James Franco: More Creative Than We Ever Credited Him For
Just when you thought you were never going to get the juicy alleged story about Lindsay Lohan ostensibly trying to ride more than James Franco's motorcycle, James himself comes out with a pretty attention-grabbing (and well-written) story about living at West Hollywood's Chateau Marmont during house renovations and encountering a starlet named "Lindsay," a child star more famous for her legal troubles and partying antics than for her actual body of work ... and it is pretty fabulous.
Check out a few choice excerpts from James' "Palo Alto" story, "Bungalow 89":
"I ran my fingers through her hair and thought about this girl sleeping on my chest, our fictional Hollywood girl, Lindsay. What will she do? I hope she gets better. You see, she is famous. She was famous because she was a talented child actress, and now she’s famous because she gets into trouble. She is damaged. For a while, after her high hellion days, she couldn’t get work because she couldn’t get insured. They thought she would run off the sets to party. Her career suffered, and she started getting arrested (stealing, DUIs, car accidents, other things). But the arrests, even as they added up, were never going to be an emotional bottom for her, because she got just as much attention for them as she used to get for her film performances. She would get money offers for her jailhouse memoirs, crazy offers. So how would she ever stop the craziness when the response to her work and the response to her life had converged into one? Two kinds of performance, in film and in life, had melted into one."
Fictional Lindsay? Pish posh. That's all.
Check this part out:
Now we were lying in bed. I wasn’t going to f--k her. She had her head on my shoulder. She started to talk. I let her.
“Before things got bad, I was in New York for the premiere of a film I did with Robert Altman and Meryl Streep. After the movie I took James Franco and Meryl’s two young daughters to the club du jour, Bungalow 8, in the Meatpacking District. It was my place. All my friends were there: school friends, my mother looking her slutty best, bodyguards, and Greeks. We had our own table in the corner, our own bottle.

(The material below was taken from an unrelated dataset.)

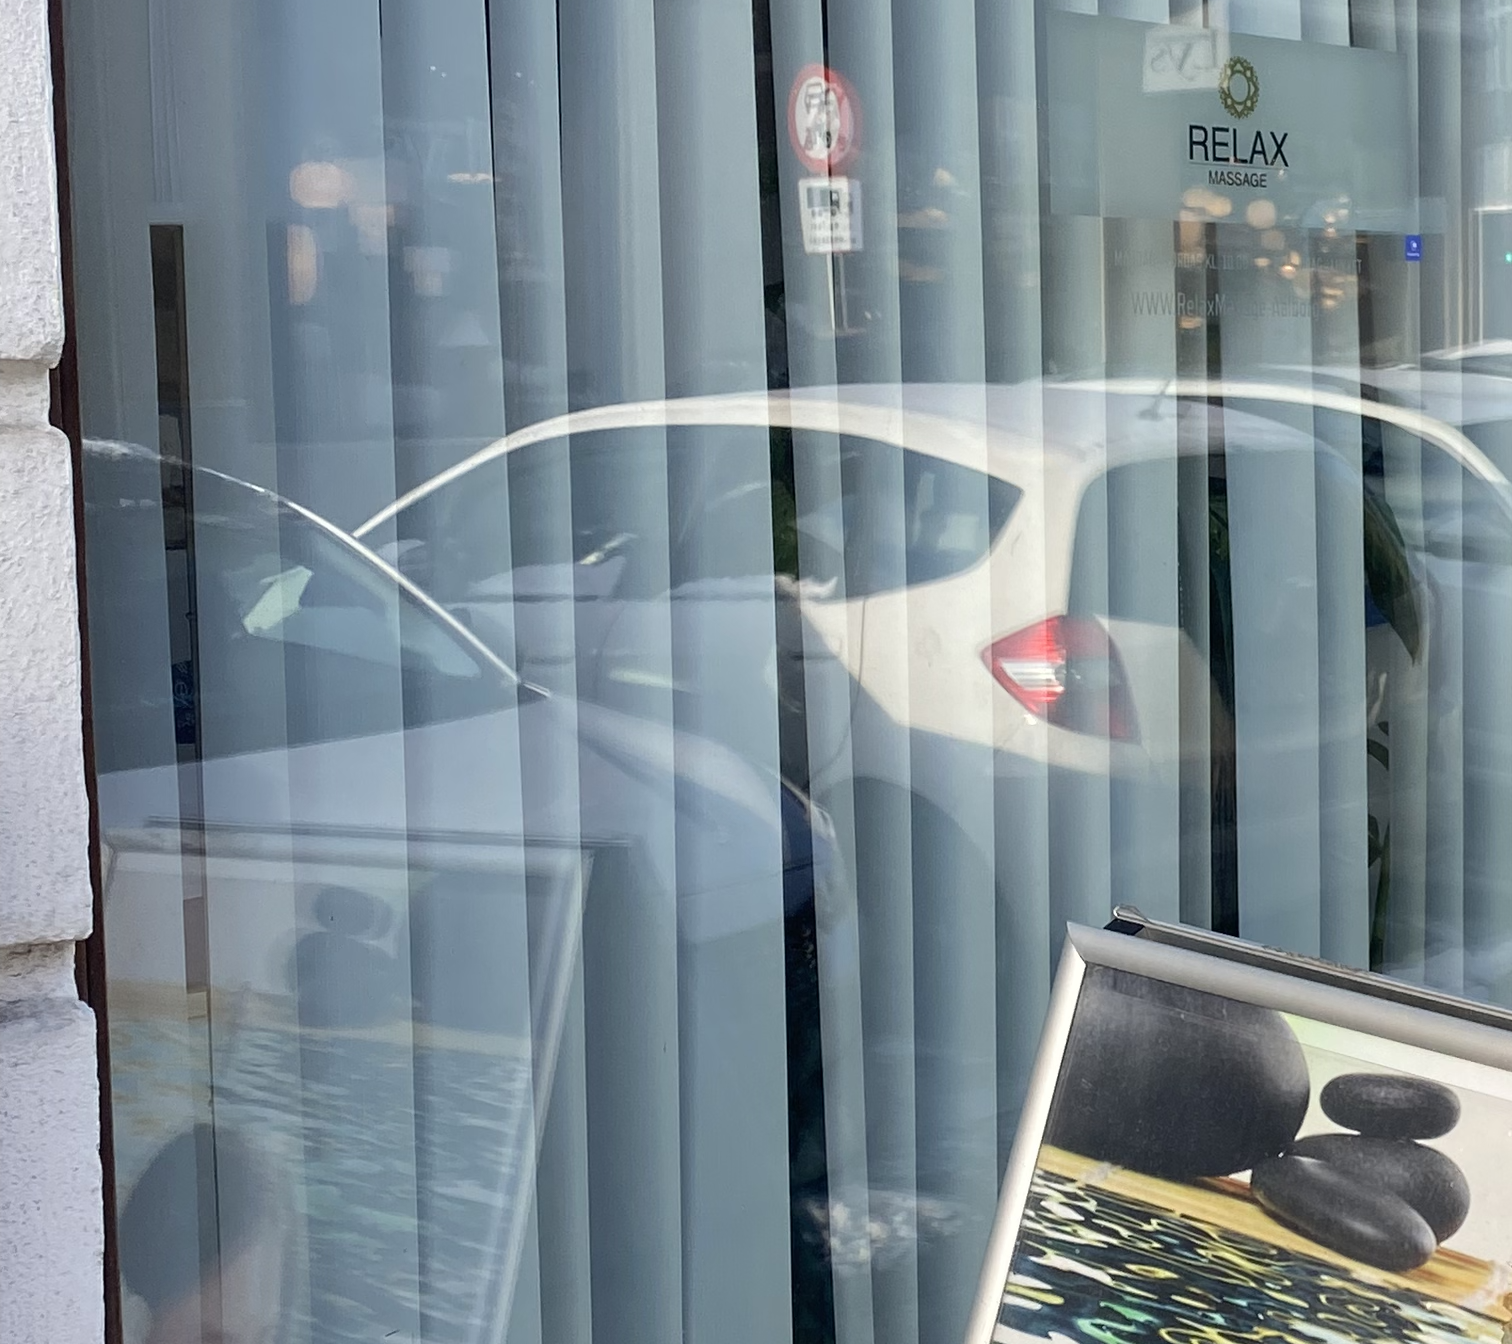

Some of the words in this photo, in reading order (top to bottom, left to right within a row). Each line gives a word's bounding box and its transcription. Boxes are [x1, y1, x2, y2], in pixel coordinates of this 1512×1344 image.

“I took two Oxycontins and things got bad. The DJ was this bearded dude named Paul. I remember requesting Journey’s ‘Don’t Stop Believin’.’ I remember sitting back down, and I remember trying to speak up, to talk to that cute boy in a red gingham shirt, James.
“I was slurring. My words rolled around and got sticky and didn’t come out.
“My friend from school kept talking to him, trying to be cute, but she was only there because of me. I told Barry, my bodyguard, to take her away from our table. And he banished her.
“I took James back to the bathroom. ‘You know why Amy put mirrors all around in here?’ I said.
“‘So that you can watch yourself f--`k.’
“He didn’t f--k me, that s--t. And what was he doing there anyway? On my night. My night with Meryl, my night when everything was right, when I got everything I wanted. Almost.
“I f--ked one of the Greeks instead: a big-schnozzed, big-d--ked, drunk motherf--ker. We did it in the bath. That was the best night of my life.”
Then she fell asleep.Yeah, that all sounds about right. Welcome to the world of the "private" fictional character invented by James' analytical mind, "Lindsay" -- it's amazing how life imitates art and imitates something else that we're not even sure exists.
This, in itself, is pure wizardry. How'd we ever miss it before?